City & Guilds, el organismo de formación y cualificaciones que ha estado certificando discretamente a personas desde 1878, ahora se enfrenta a posibles acciones legales y sindicales por acusaciones de que ha sido menos que veraz sobre su plan de despedir a unos 400 empleados en el Reino Unido.

Funcionarios del sindicato Unite alegan que el propietario de la organización ha estado "reteniendo ilegalmente información clave durante las consultas de transferencia" mientras simultáneamente "anuncia nuevos reclutas cuando está legalmente obligado a ofrecer a los empleados en riesgo de despido la primera opción". Es una estrategia audaz: veamos si les sale bien en los tribunales.

Esta disputa es la última crisis en la asediada antigua organización benéfica vocacional, cuyo negocio fue adquirido por la empresa privada PeopleCert el otoño pasado en un controvertido acuerdo que desencadenó una investigación estatutaria por parte de la Comisión de Caridad en enero, además de la propia investigación interna de PeopleCert. Se informa que las investigaciones están considerando revelaciones de The Guardian sobre dos ejecutivos de City & Guilds que recibieron bonificaciones millonarias y aumentos salariales considerables después de la venta. Nada dice "caridad" como bonificaciones millonarias.
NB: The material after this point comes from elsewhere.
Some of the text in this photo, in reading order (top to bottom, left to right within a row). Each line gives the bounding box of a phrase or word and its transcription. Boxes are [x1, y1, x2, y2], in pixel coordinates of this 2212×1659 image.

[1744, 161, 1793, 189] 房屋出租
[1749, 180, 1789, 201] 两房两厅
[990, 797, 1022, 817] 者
El oficial regional de Unite, Peter Storey, dijo: "PeopleCert ha sido deshonesto [sobre sus planes de personal] desde el momento en que asumió City & Guilds. Sin un movimiento significativo por parte de la empresa, esta disputa seguirá escalando, incluso a través de posibles acciones legales y sindicales".

El sindicato predice que la ronda actual de unos 75 despidos será solo la primera ola, y que PeopleCert planea en última instancia eliminar aproximadamente un tercio de su fuerza laboral de 1.300 personas en el Reino Unido. PeopleCert dijo en enero que "no había planes para despidos obligatorios en el Reino Unido", una declaración que parece haber envejecido tan bien como una vacuna a base de leche.
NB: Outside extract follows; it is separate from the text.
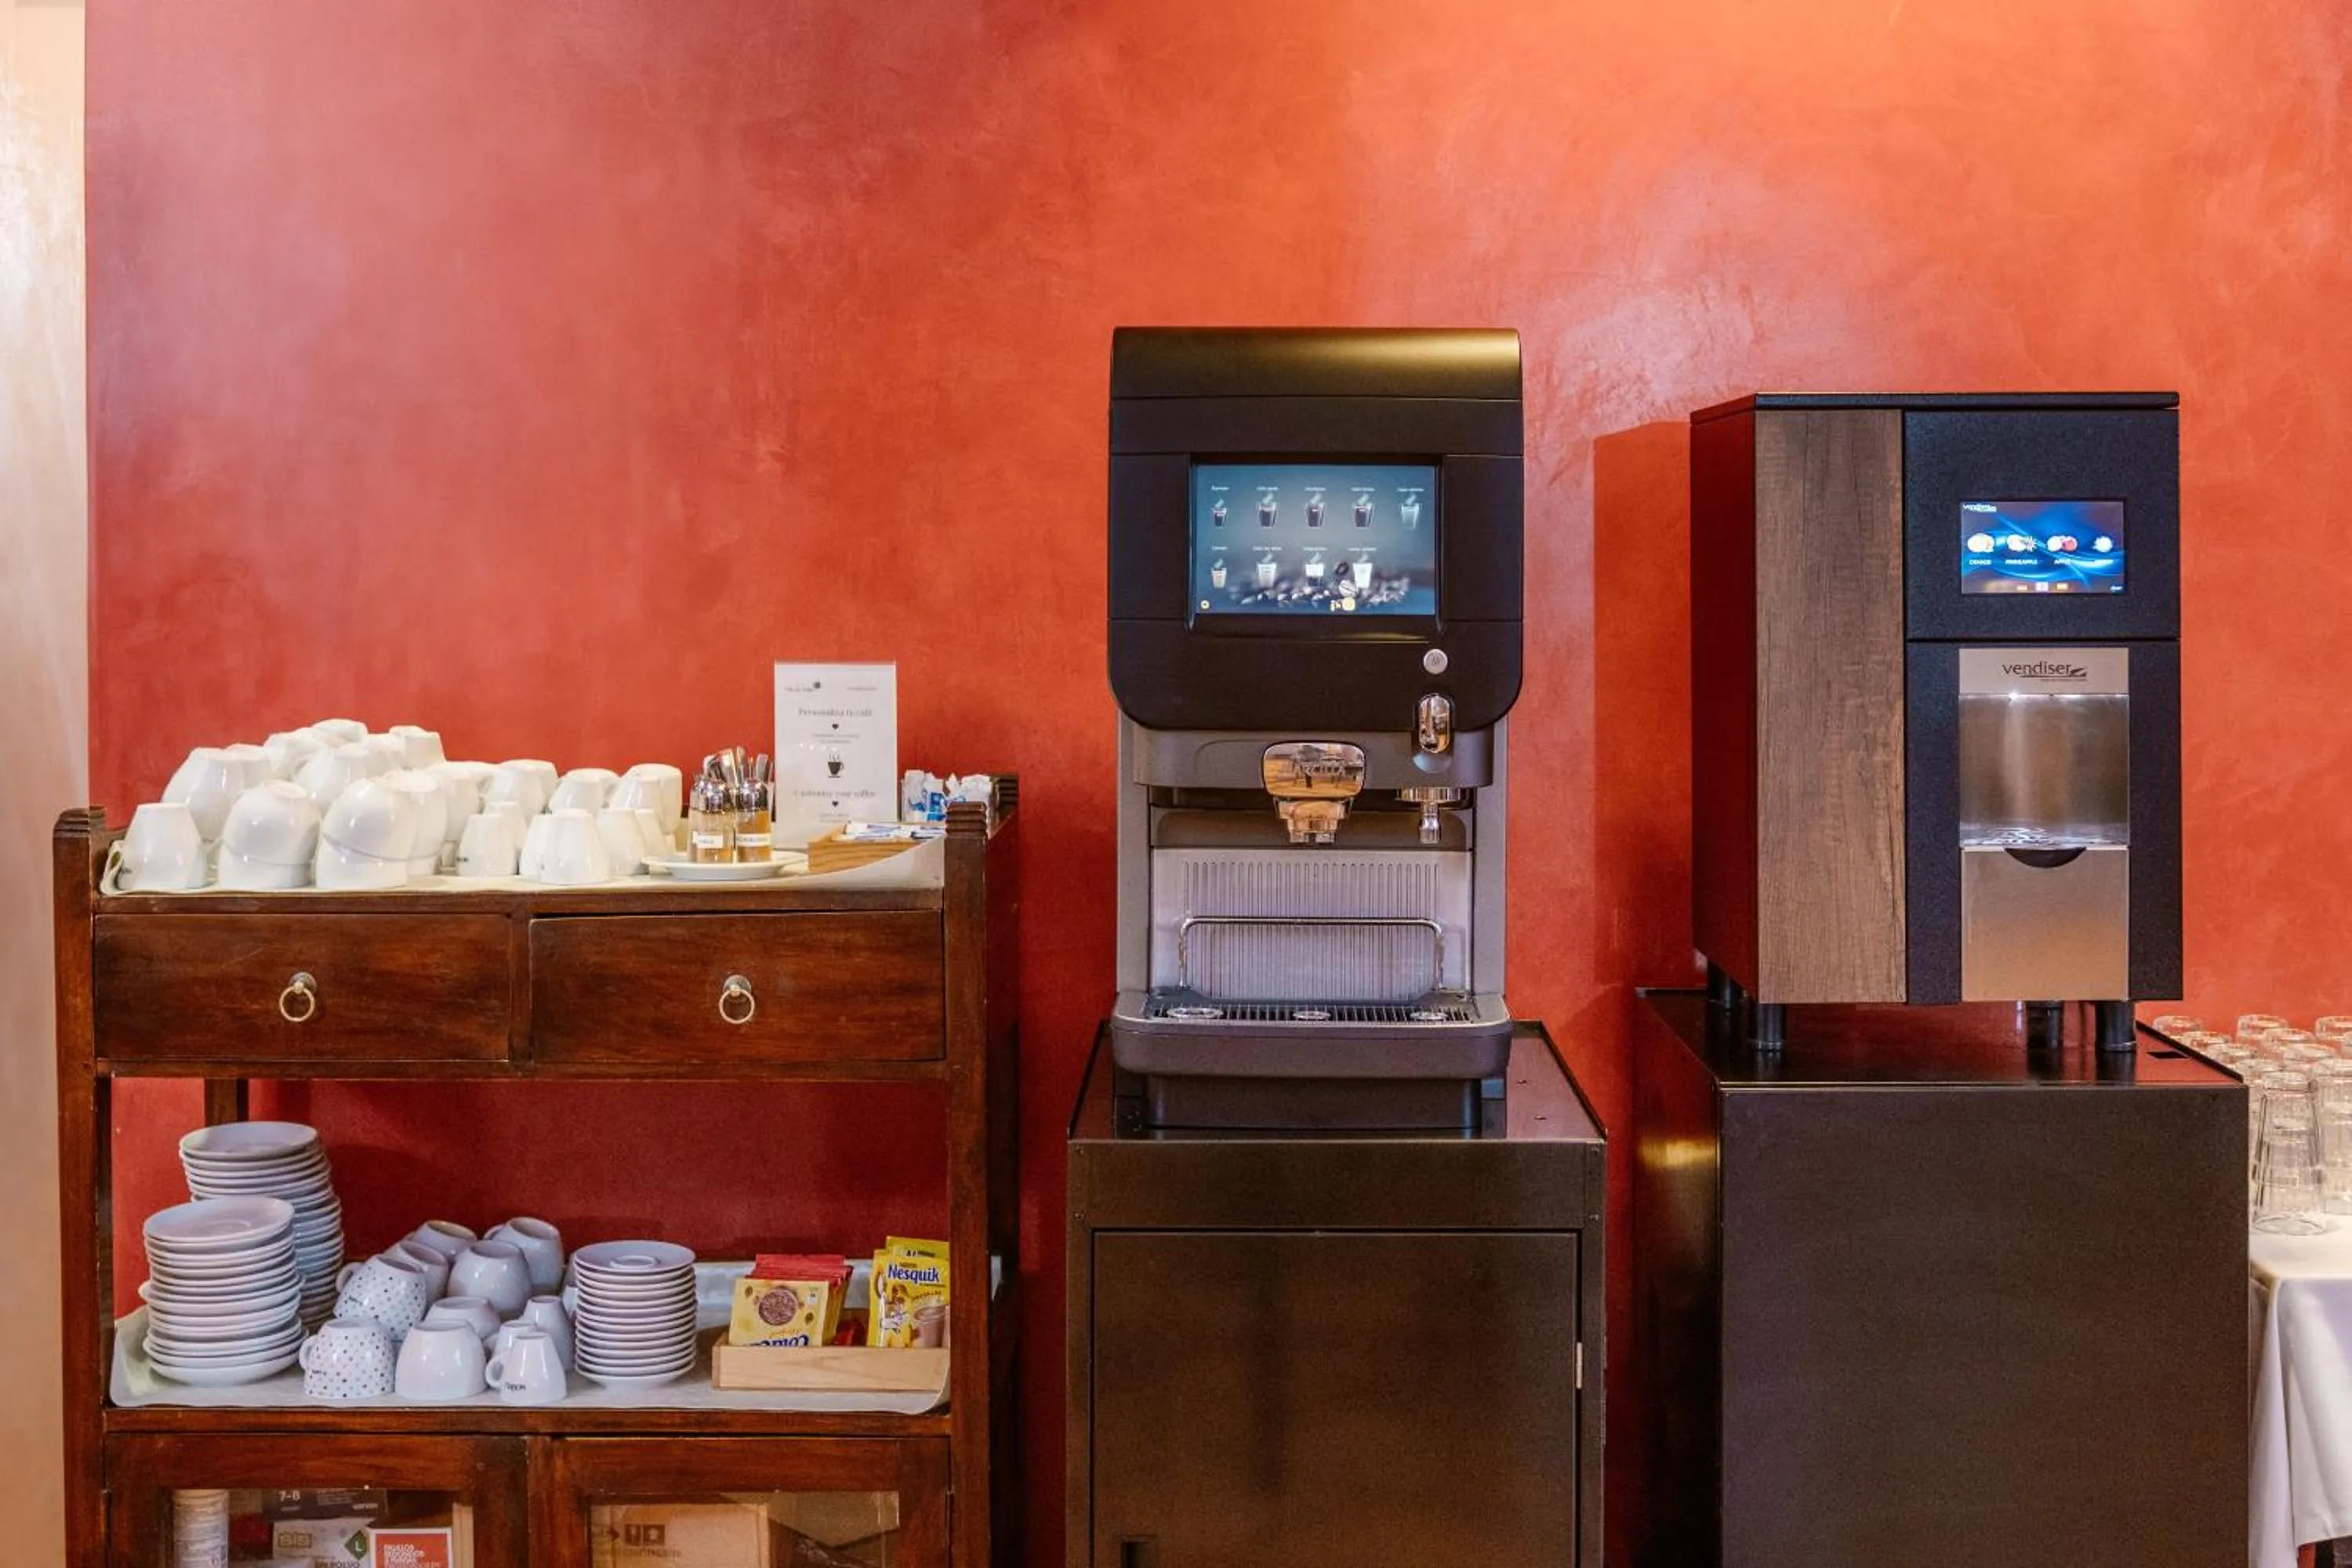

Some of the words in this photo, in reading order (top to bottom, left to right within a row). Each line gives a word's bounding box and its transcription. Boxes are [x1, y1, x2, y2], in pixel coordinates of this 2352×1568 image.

[2002, 661, 2072, 675] vendiser
[887, 1262, 940, 1284] Nesquik
[354, 1541, 364, 1552] L
City & Guilds fue fundada en 1878 por la City de Londres y 16 gremios para desarrollar un sistema nacional de educación técnica. Ahora cobra tarifas por sus acreditaciones a empresas de formación privadas, con aproximadamente el 60% de sus ingresos "respaldados por esquemas de financiación gubernamental estables". Habiendo mantenido un perfil bastante modesto durante gran parte de sus 148 años de historia, la venta del año pasado la puso firmemente en el centro de atención.
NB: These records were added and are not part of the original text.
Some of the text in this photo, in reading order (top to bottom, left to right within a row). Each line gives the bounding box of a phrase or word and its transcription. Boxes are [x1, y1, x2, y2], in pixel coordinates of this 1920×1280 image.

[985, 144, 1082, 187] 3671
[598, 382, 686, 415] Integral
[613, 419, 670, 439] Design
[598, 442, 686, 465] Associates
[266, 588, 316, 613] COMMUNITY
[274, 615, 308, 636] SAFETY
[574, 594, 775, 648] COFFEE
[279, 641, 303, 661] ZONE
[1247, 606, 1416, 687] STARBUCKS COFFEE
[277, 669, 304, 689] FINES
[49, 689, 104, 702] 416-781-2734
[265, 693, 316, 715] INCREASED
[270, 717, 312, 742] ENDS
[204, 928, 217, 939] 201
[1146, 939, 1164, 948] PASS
En diciembre, The Guardian reveló cómo una presentación preparada para los inversores de PeopleCert establecía planes para que la ahora privada City & Guilds redujera su fuerza laboral en el Reino Unido como parte de un plan de reducción de costos de £22 millones, incluyendo £13 millones de "sinergias de costos de personal" que se lograrían reemplazando a los empleados que se fueran del Reino Unido con contrataciones más baratas en el extranjero.

En una carta enviada por Unite a PeopleCert el mes pasado, el sindicato añadió: "La alineación entre esas medidas previamente informadas [en la presentación para inversores] y las propuestas actuales da lugar a una preocupación legítima de que aspectos clave del resultado se decidieron de antemano". PeopleCert dijo que, desde que preparó esa presentación para inversores que establecía cómo se podrían lograr pérdidas de empleo en el Reino Unido mediante "desgaste", una revisión posterior identificó la posibilidad de 75 recortes de empleo obligatorios.

La empresa dijo en un comunicado: "Las propuestas actualmente en consulta son el resultado de una revisión posterior de la estructura, el modelo operativo y los requisitos futuros de la organización, que tuvo lugar a principios de este año y es independiente de discusiones anteriores sobre la fuerza laboral. No se han predeterminado resultados. El propósito de la consulta es buscar comentarios sobre las propuestas, explorar formas de evitar, reducir y mitigar los despidos propuestos cuando sea posible, y considerar enfoques alternativos. Ese proceso continúa en curso".